What Are You Doing Here? A Black Woman’s Life and Liberation in Heavy Metal by Laina Dawes

If you recall, I had a “moment” a few months ago when I asked myself how feminist I really am. Do I support them with my money and/or reviews? My playlist was woefully dude-centric, so I bought music by female artists, which led to looking up books by and about female musicians. I stumbled across Laina Dawes work of nonfiction called What Are You Doing Here? A Black Woman’s Life and Liberation in Heavy Metal and was stoked.

Heavy metal has defined me as a person! I didn’t want to get with Metallica, I wanted to BE Metallica. And Jonathan Davis. And Sevendust. And Shine Down. And Nine Inch Nails. And Staind. Et cetera — music circa 1996-2001.

Dawes’s book, published by Bazillion Points Books, is a mother-luvin’ hot mess. I mention the publisher (I typically do not) because I have to wonder if they even care about what goes out to readers, readers who have paid for their books. The introduction appears twice in my Kindle copy. When I saw “EPILOGUE,” I sighed with relief, but was confused as to why I was only 75% through the book. It’s because the small survey Dawes distributed is copied three times. You’d think someone got happy with the copy and paste functions and didn’t care to review the final product before publishing it. And typos. Typos as far as the eye can see. Small presses struggle, but they have to have pride to have customers.

Laina Dawes’s work lacks credibility in a way that made me mistrust everything she said. Sources are not cited (there’s a bibliography at the end, but most of it goes to entire books that are not referenced often, suggesting she’s cherry picking information). Dawes references the same few sources repeatedly, including one documentary and a couple of musicians, basically asking them to prop up her poorly researched argument.

And it is an argument — a “should” argument, the kind I taught college freshmen for years not to make. If you argue that “women should make equal pay to men,” that’s not a strong argument because if they “should,” then the would.
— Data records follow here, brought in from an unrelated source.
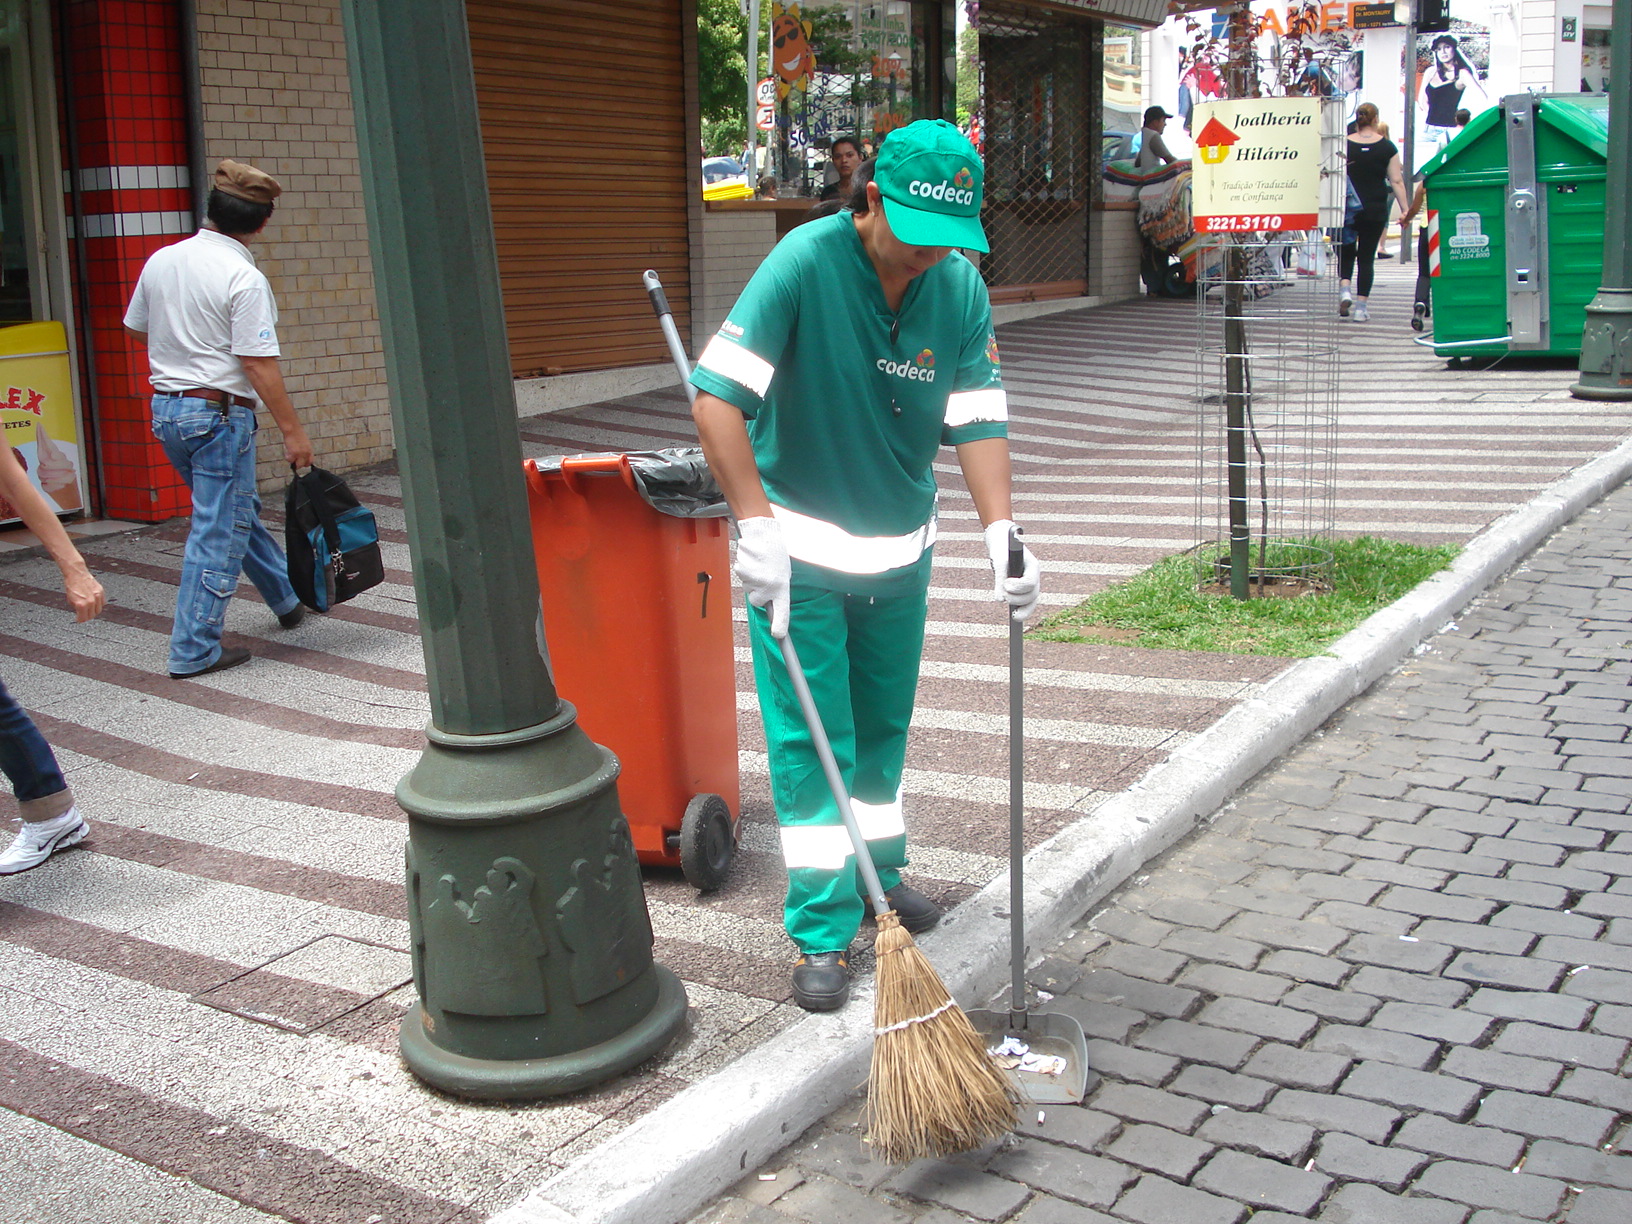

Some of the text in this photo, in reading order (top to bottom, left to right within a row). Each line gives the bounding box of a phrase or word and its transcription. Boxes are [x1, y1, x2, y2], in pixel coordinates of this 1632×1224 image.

[1363, 9, 1391, 17] MONTAURY
[1233, 112, 1312, 130] Joalheria
[1235, 146, 1299, 162] Hilário
[1222, 179, 1299, 191] Tradição Traduzida
[909, 180, 974, 206] codeca
[1242, 191, 1284, 204] Confiança
[1206, 216, 1282, 230] 3221.3110
[1462, 246, 1490, 254] CODECA
[876, 358, 936, 383] codeca
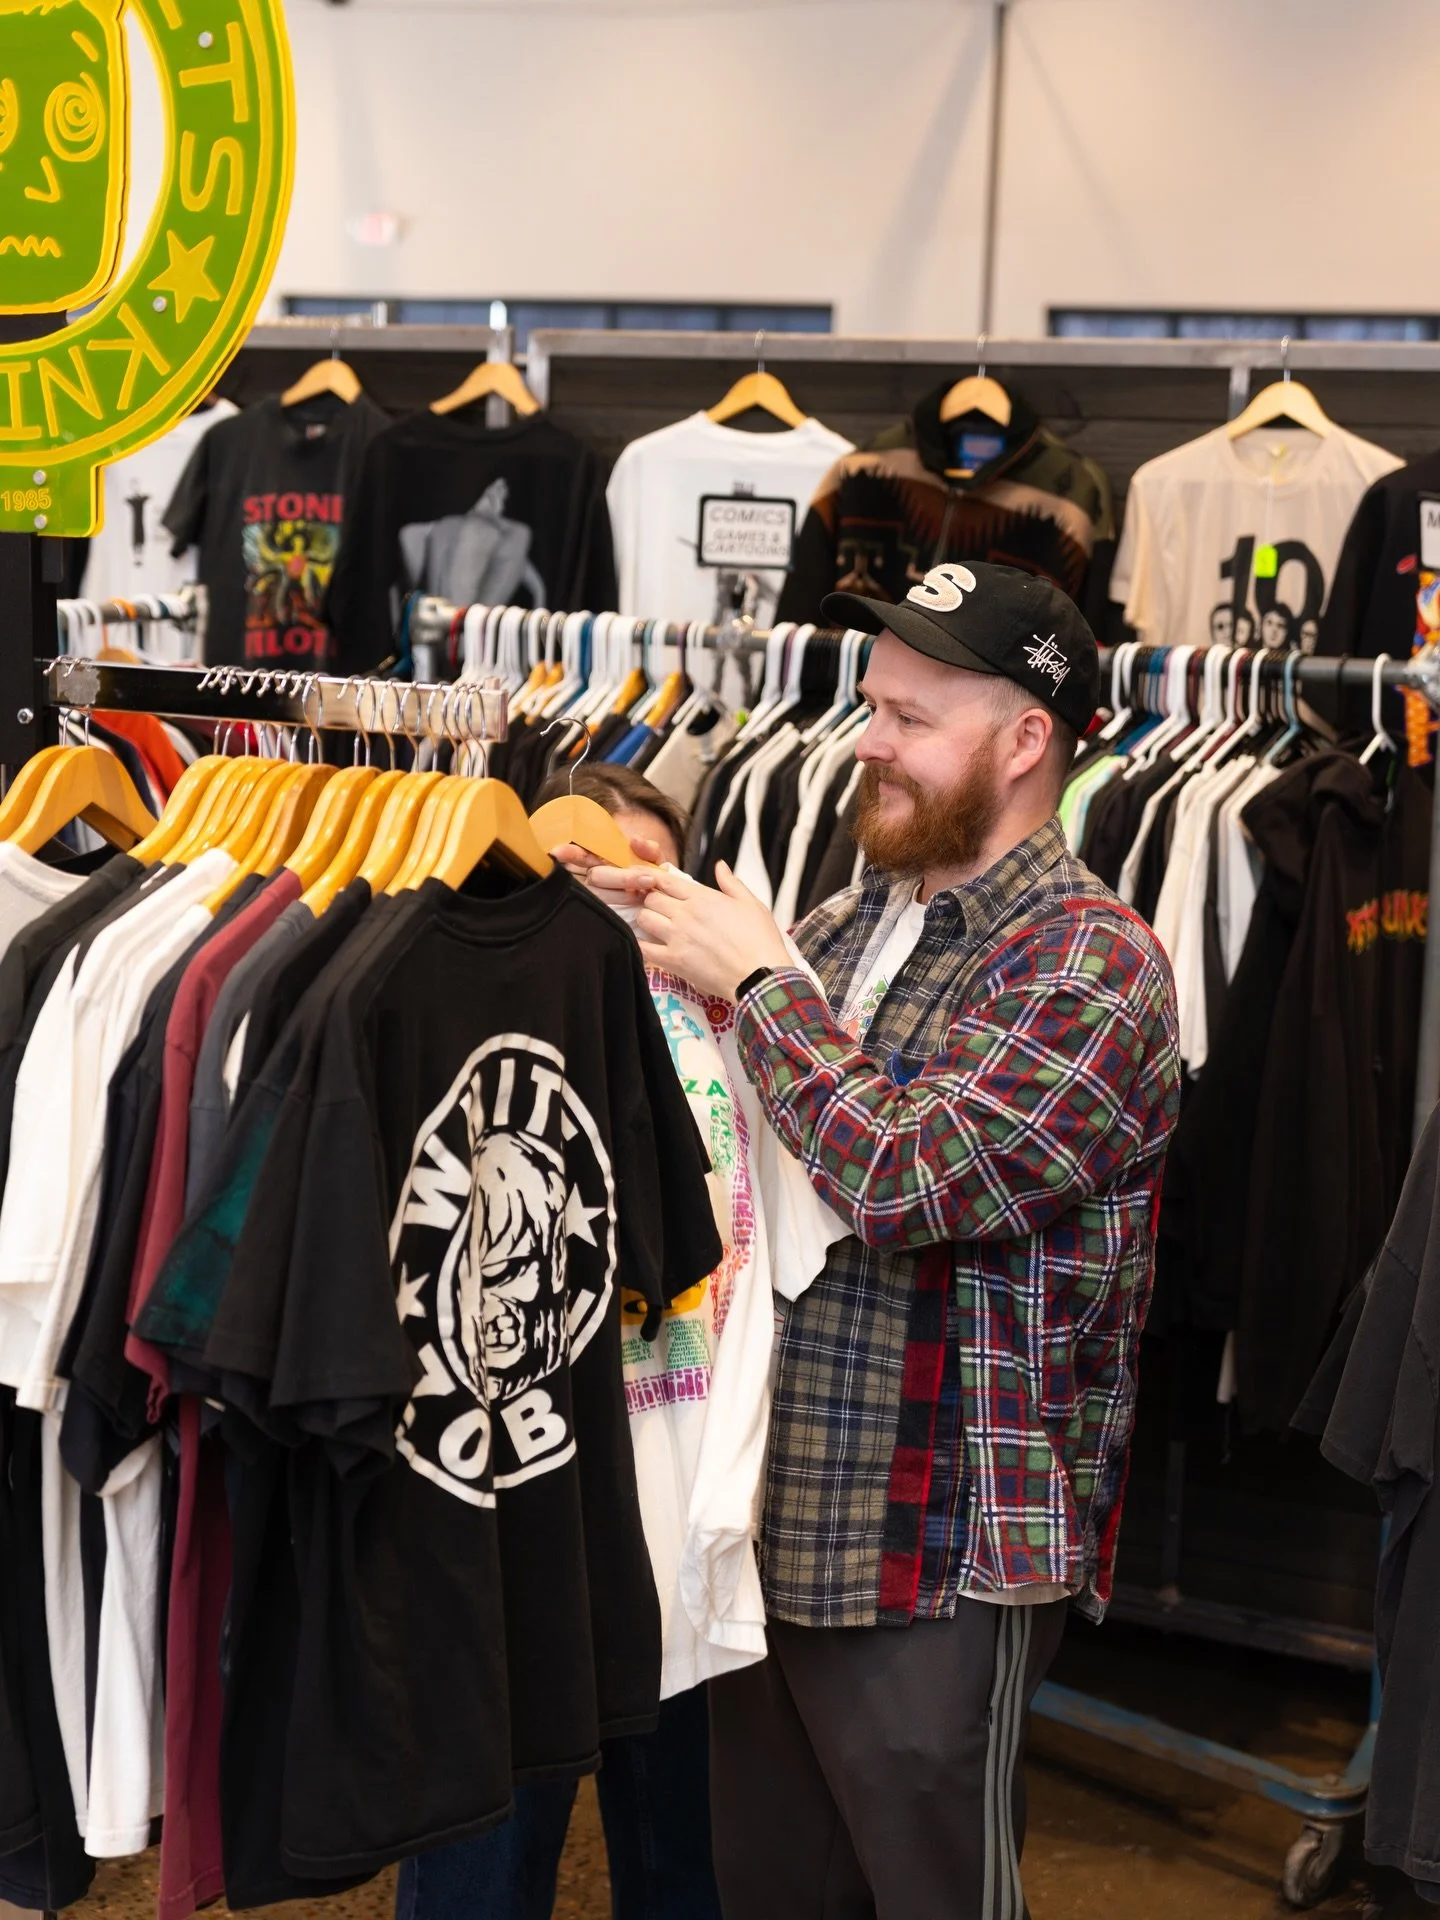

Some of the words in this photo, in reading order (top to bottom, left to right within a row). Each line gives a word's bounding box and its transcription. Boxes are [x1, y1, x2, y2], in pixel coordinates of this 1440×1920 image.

[1, 488, 52, 512] 1985
[709, 506, 787, 526] COMICS
[907, 563, 977, 612] S
[1219, 535, 1325, 622] 10
It’s too simple and lacks nuance. Dawes argued that people “should” be able to listen to whatever music they want without feeling like an outsider or being harassed. Yes, in theory, but it’s not true, as evidenced by her numerous anecdotal evidence.

Dawes purports to be a journalist, but lacks the ethical guidelines of a good journalist like Rachel Louise Snyder. Instead of speaking to the white men Dawes claims side eye her at concerts to give them voice, she assumes they are racist. Am I saying she’s wrong? No, but this wasn’t a memoir, it was a work of biased journalism, which is a no-go in my book.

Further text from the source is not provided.